### [RECORDS TO USE]
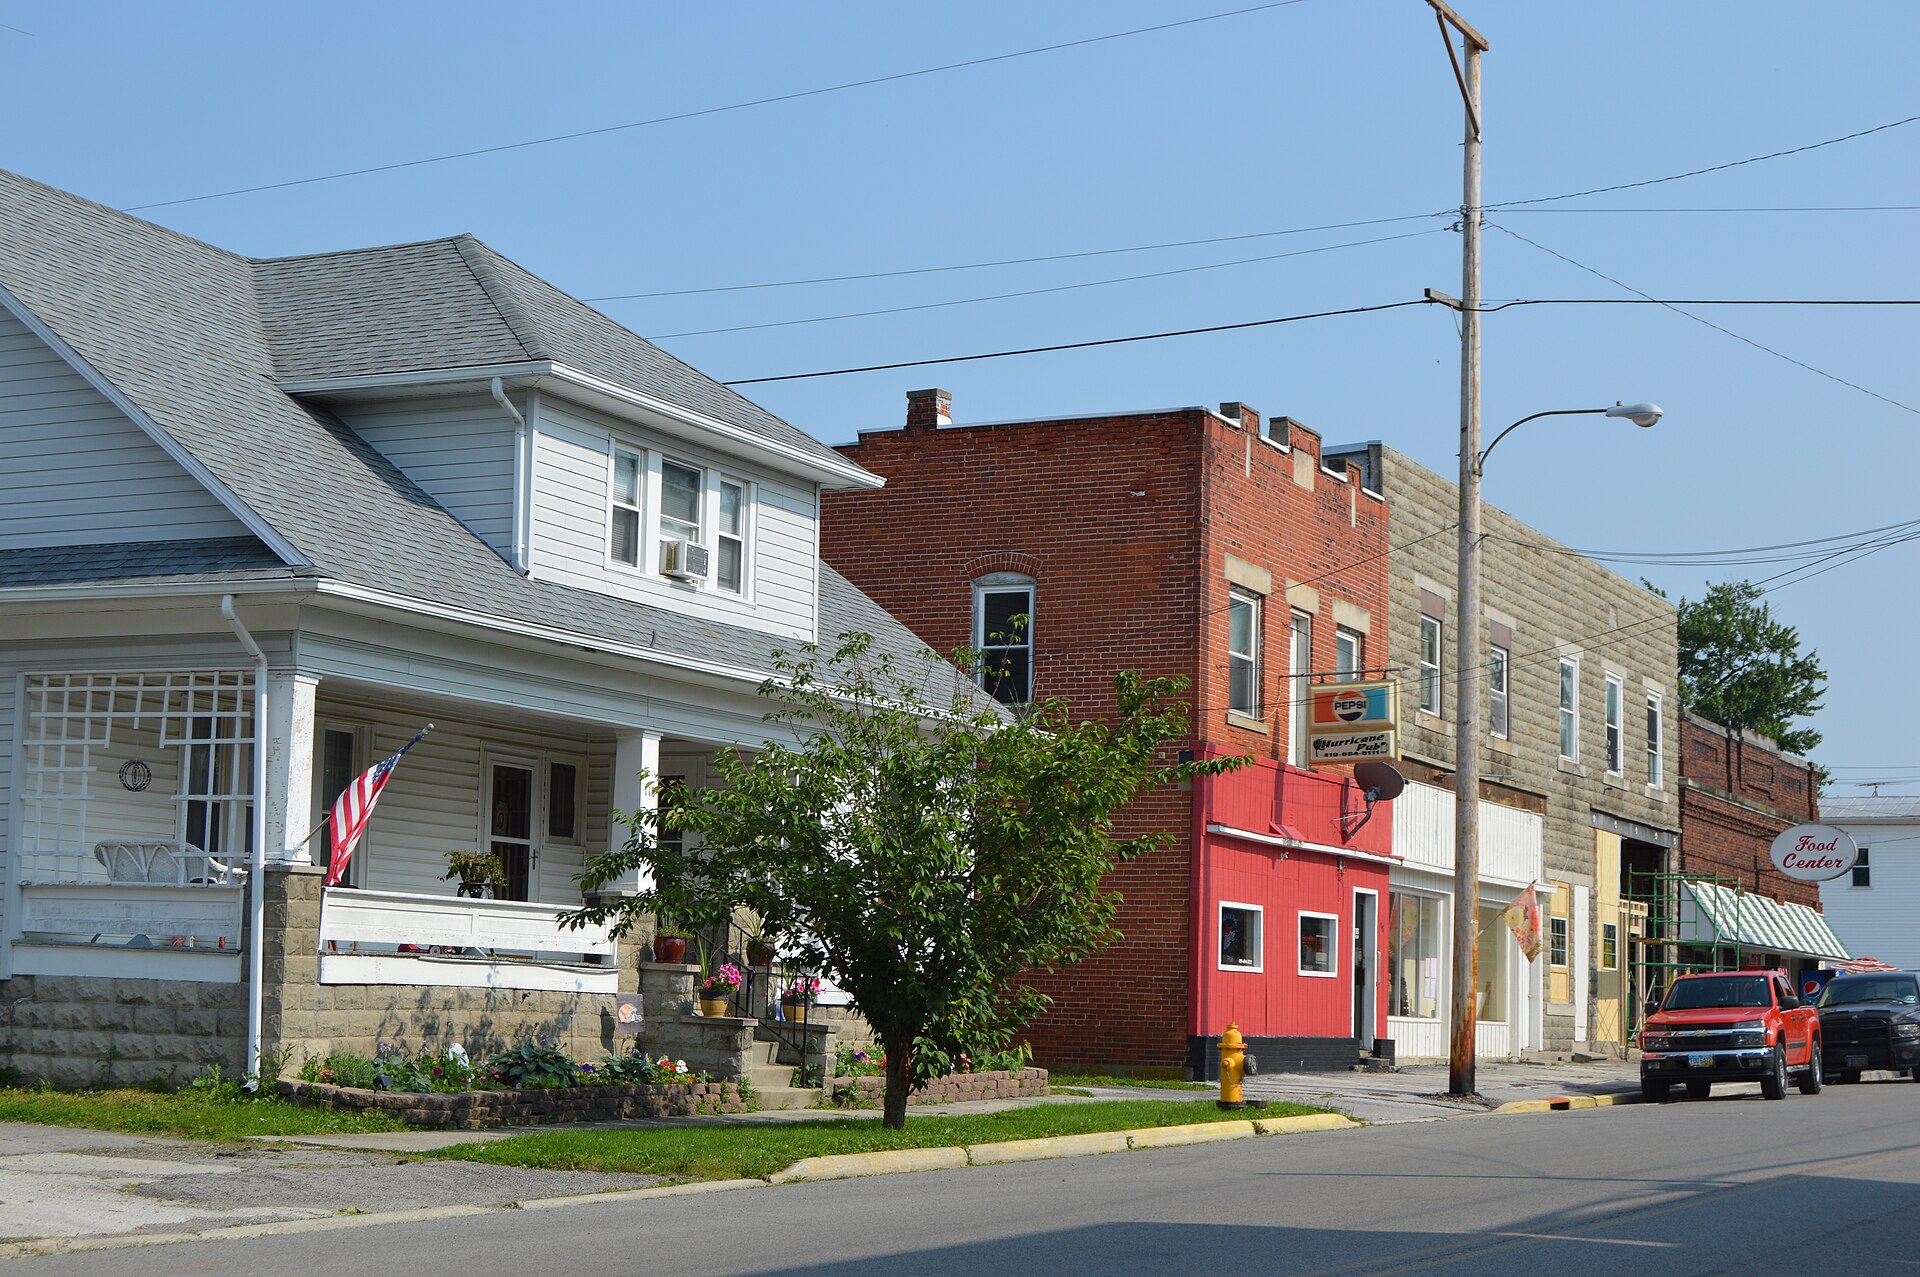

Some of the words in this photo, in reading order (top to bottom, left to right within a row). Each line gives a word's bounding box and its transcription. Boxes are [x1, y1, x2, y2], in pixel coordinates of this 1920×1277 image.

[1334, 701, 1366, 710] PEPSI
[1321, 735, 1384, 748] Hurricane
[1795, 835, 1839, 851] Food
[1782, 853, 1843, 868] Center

### [EXERCISE GOAL]
Copy all the records word for word and keep the pictures out.

### [OUTPUT]
Some of the words in this photo, in reading order (top to bottom, left to right within a row). Each line gives a word's bounding box and its transcription. Boxes are [x1, y1, x2, y2], in pixel coordinates of this 1920×1277 image.

[1334, 701, 1366, 710] PEPSI
[1321, 735, 1384, 748] Hurricane
[1795, 835, 1839, 851] Food
[1782, 853, 1843, 868] Center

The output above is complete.